Set down the material in full. Keep every line exactly as it is.

**RECORD EXCERPTS**

★ ★ ★

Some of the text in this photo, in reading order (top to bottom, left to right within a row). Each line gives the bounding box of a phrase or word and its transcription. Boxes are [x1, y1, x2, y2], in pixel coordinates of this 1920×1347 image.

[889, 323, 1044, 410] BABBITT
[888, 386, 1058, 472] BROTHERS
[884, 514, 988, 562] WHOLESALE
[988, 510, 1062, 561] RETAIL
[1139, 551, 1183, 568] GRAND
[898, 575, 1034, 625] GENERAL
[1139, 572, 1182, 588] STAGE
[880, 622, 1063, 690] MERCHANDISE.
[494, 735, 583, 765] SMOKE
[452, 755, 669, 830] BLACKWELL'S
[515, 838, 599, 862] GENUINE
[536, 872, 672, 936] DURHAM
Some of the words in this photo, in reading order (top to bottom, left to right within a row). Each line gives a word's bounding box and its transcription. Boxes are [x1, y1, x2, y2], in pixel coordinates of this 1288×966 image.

★ ★ ★

**RESULT OF THE TASK**
Some of the text in this photo, in reading order (top to bottom, left to right within a row). Each line gives the bounding box of a phrase or word and its transcription. Boxes are [x1, y1, x2, y2], in pixel coordinates of this 1920×1347 image.

[889, 323, 1044, 410] BABBITT
[888, 386, 1058, 472] BROTHERS
[884, 514, 988, 562] WHOLESALE
[988, 510, 1062, 561] RETAIL
[1139, 551, 1183, 568] GRAND
[898, 575, 1034, 625] GENERAL
[1139, 572, 1182, 588] STAGE
[880, 622, 1063, 690] MERCHANDISE.
[494, 735, 583, 765] SMOKE
[452, 755, 669, 830] BLACKWELL'S
[515, 838, 599, 862] GENUINE
[536, 872, 672, 936] DURHAM
Some of the words in this photo, in reading order (top to bottom, left to right within a row). Each line gives a word's bounding box and its transcription. Boxes are [x1, y1, x2, y2], in pixel coordinates of this 1288×966 image.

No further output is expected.